### [Data provided]

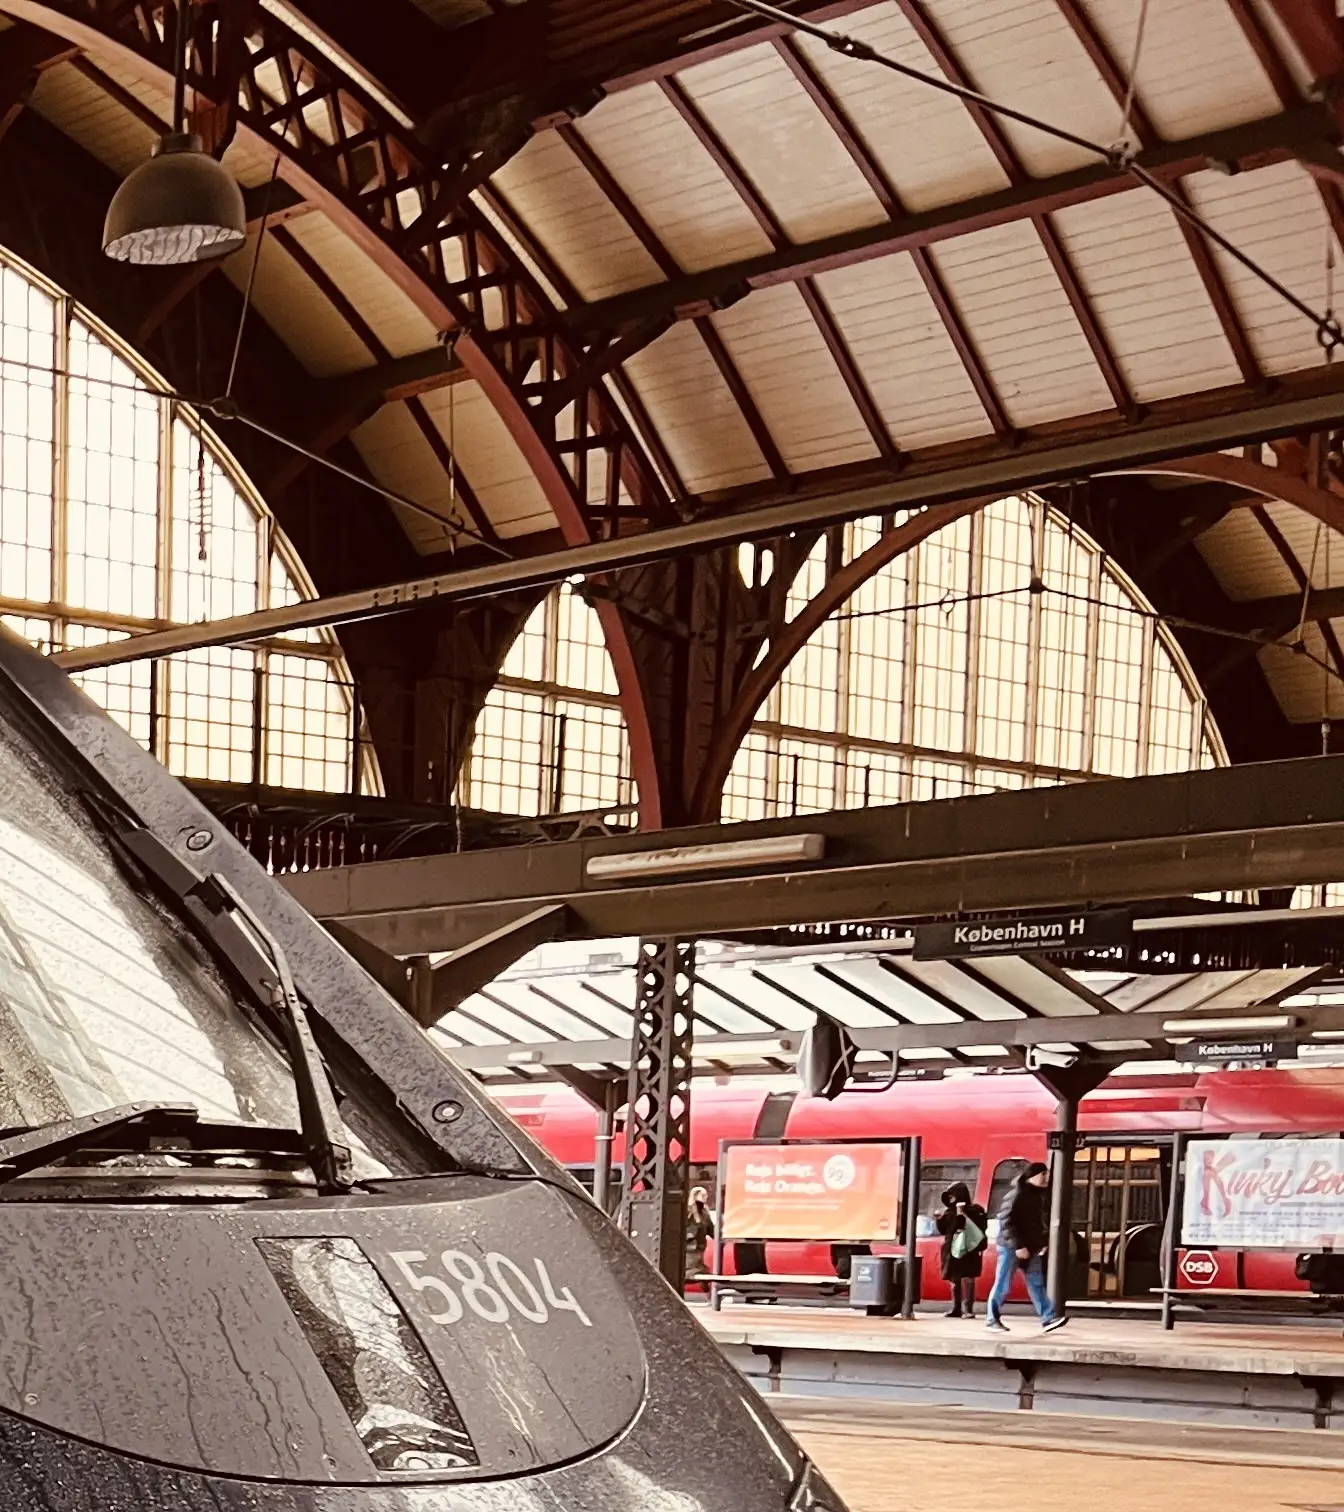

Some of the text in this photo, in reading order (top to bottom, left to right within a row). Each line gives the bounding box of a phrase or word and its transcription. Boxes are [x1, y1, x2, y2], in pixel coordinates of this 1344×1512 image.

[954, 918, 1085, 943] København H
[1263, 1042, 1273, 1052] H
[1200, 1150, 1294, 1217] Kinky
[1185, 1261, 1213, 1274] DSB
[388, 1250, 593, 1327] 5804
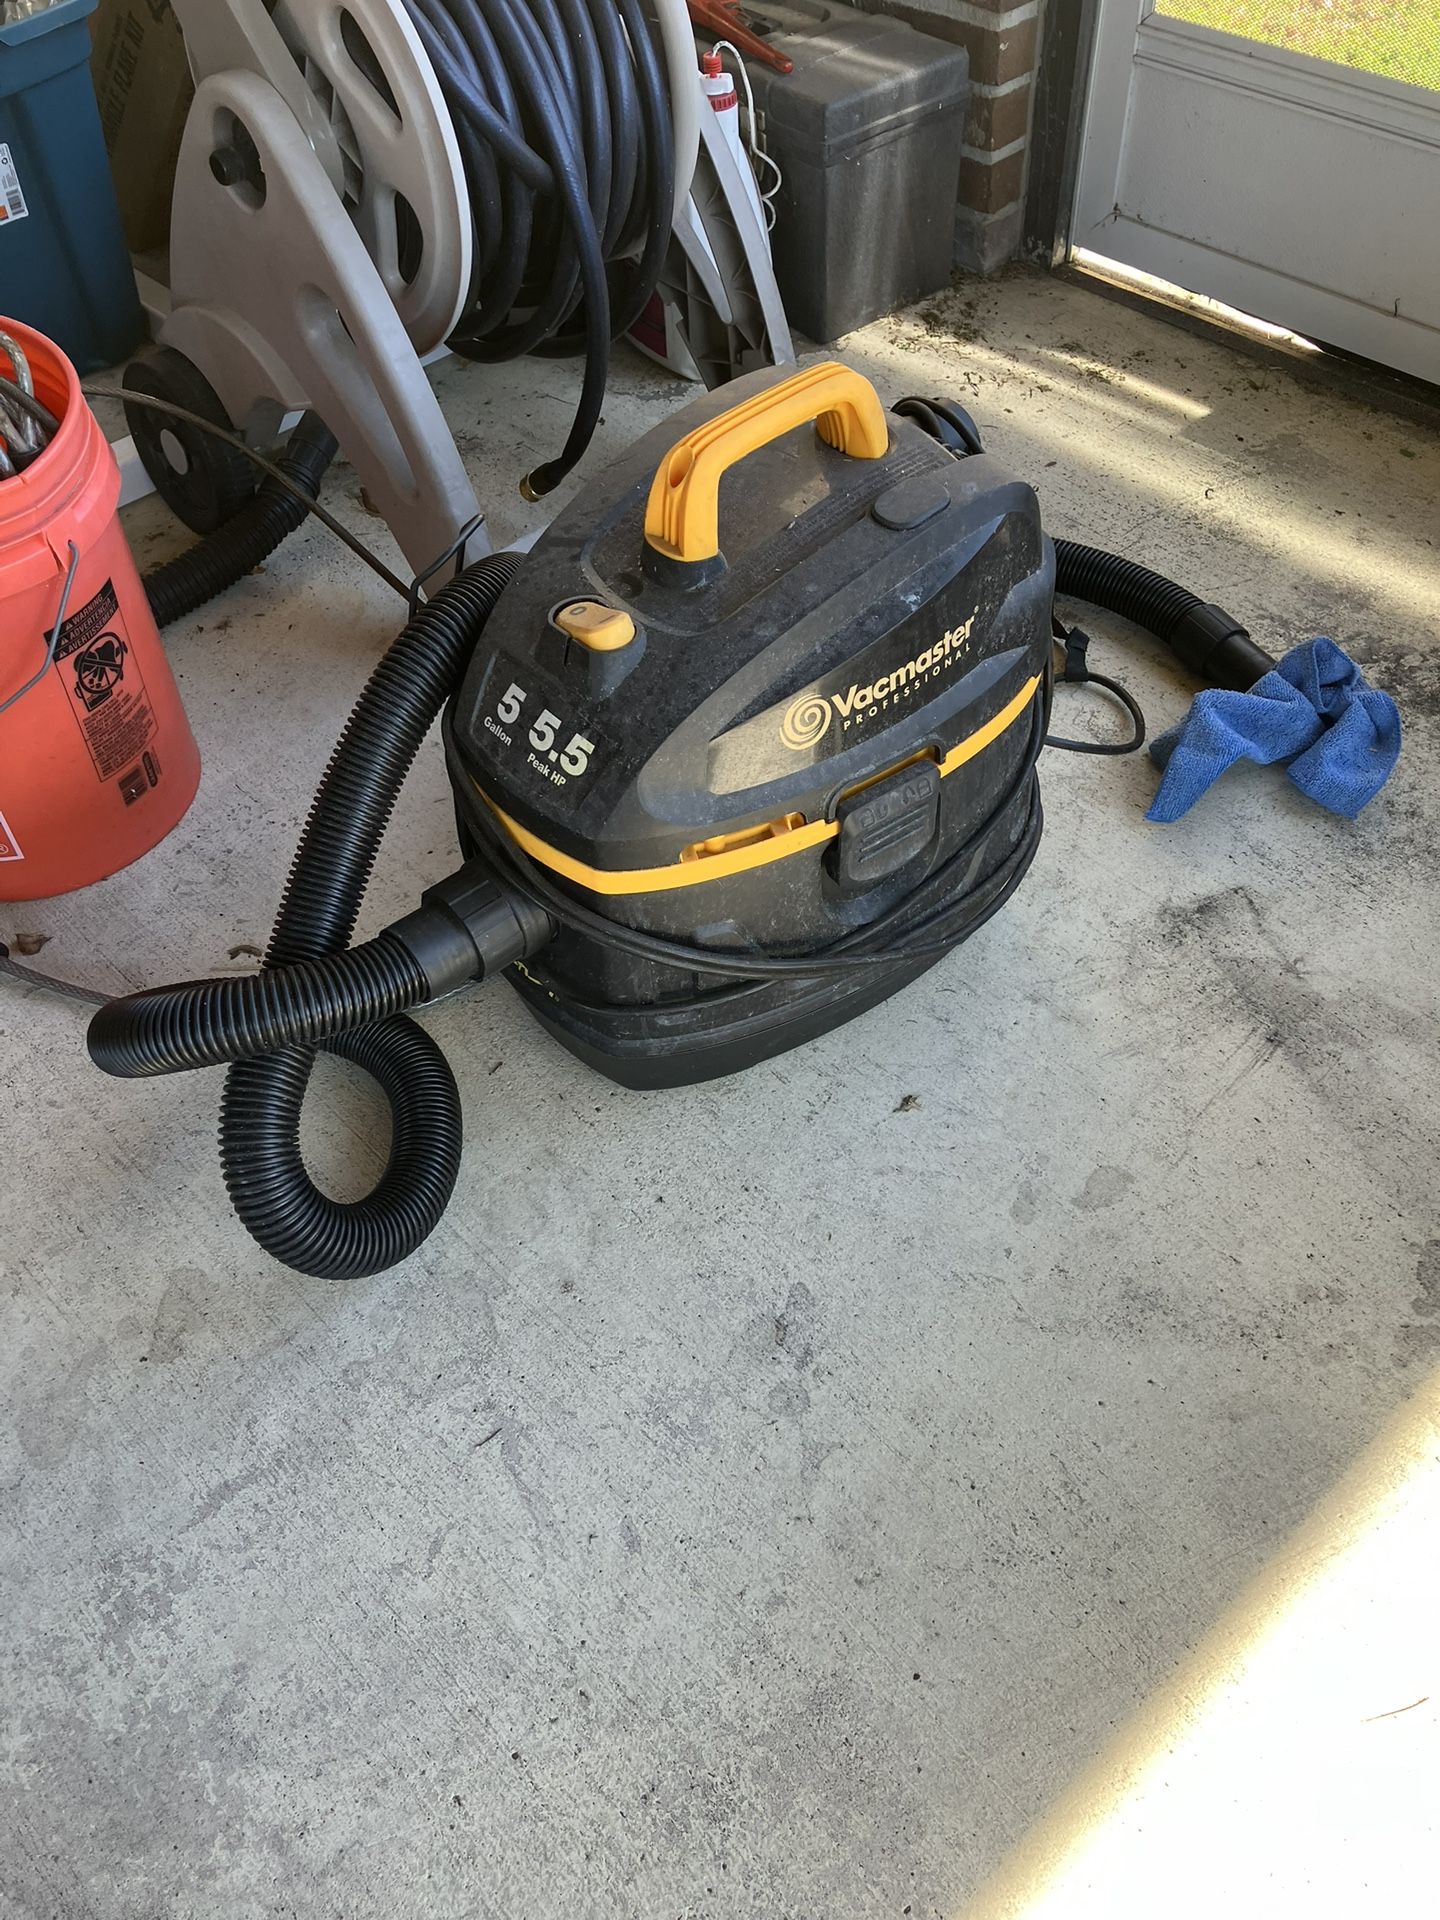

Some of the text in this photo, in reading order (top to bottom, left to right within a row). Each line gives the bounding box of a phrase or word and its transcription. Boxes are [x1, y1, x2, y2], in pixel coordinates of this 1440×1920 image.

---

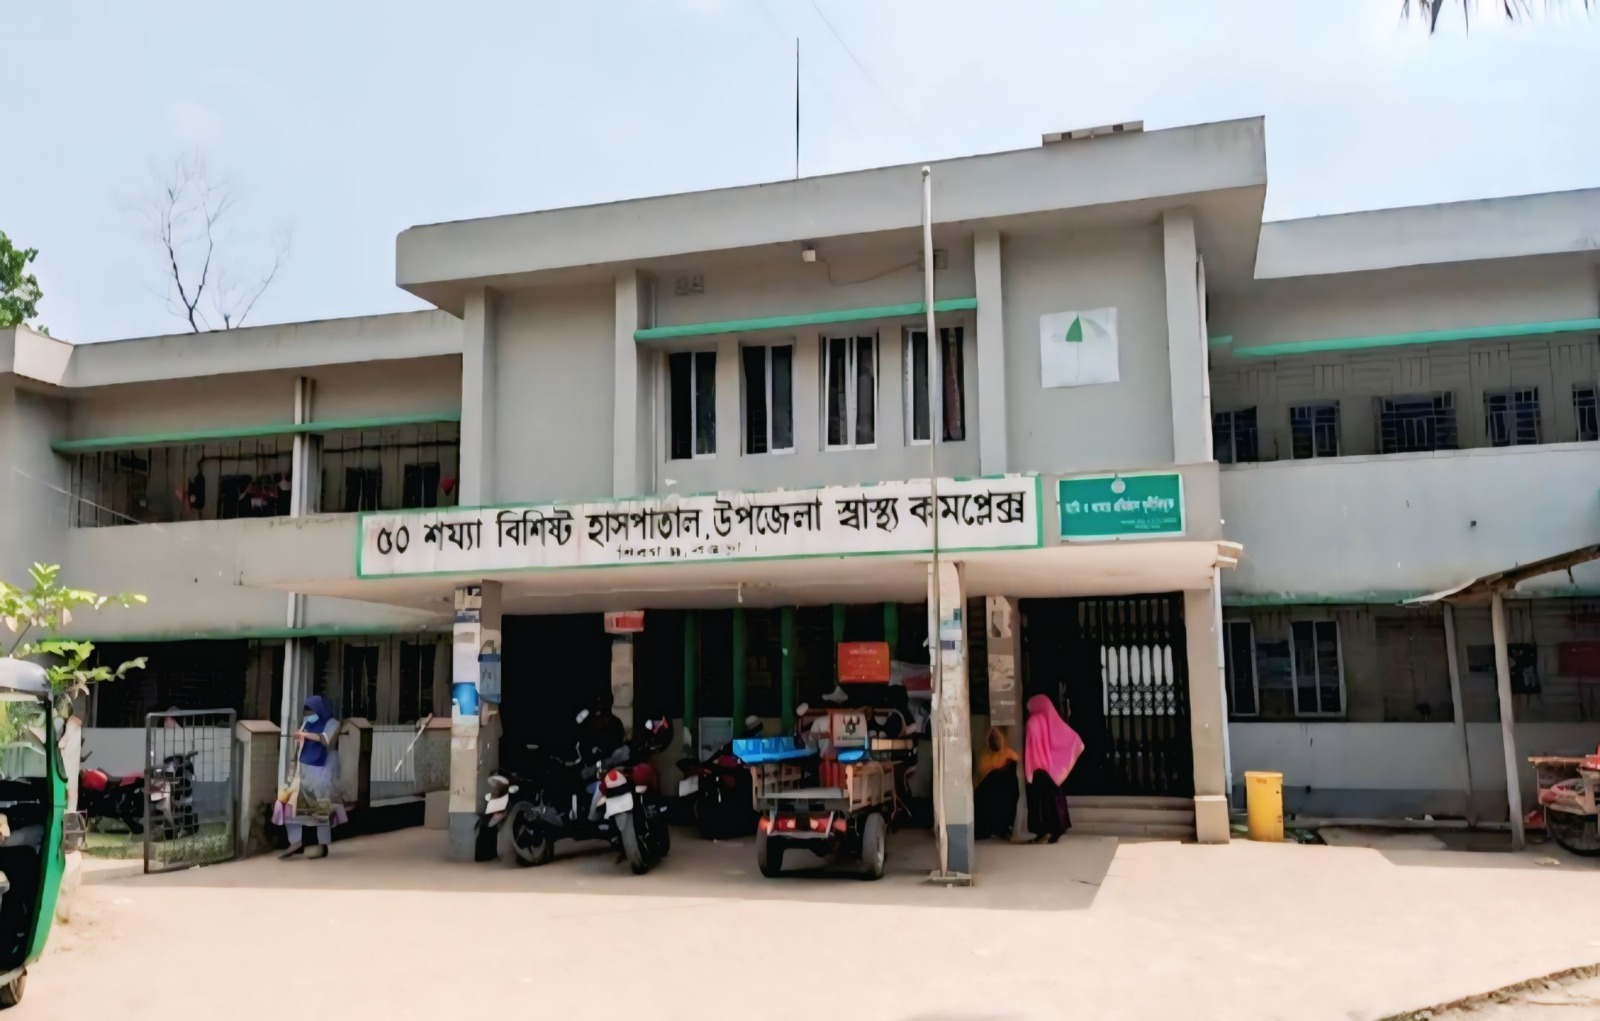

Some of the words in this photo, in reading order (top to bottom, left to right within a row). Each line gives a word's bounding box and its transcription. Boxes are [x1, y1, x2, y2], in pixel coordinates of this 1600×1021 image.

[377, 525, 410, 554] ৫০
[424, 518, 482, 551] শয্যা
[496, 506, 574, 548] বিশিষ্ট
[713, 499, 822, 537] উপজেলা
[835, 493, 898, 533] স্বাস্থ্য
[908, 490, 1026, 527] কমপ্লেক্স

### [Your assignment]
What's needed is an exact copy of the lines above from the one with "this 1344×1512 image." through the one with "this 1440×1920 image.", both included; the pictures stay out.

### [Exercise output]
Some of the text in this photo, in reading order (top to bottom, left to right within a row). Each line gives the bounding box of a phrase or word and its transcription. Boxes are [x1, y1, x2, y2], in pixel coordinates of this 1344×1512 image.

[954, 918, 1085, 943] København H
[1263, 1042, 1273, 1052] H
[1200, 1150, 1294, 1217] Kinky
[1185, 1261, 1213, 1274] DSB
[388, 1250, 593, 1327] 5804

Some of the text in this photo, in reading order (top to bottom, left to right within a row). Each line gives the bounding box of a phrase or word and its transcription. Boxes are [x1, y1, x2, y2], in pixel coordinates of this 1440×1920 image.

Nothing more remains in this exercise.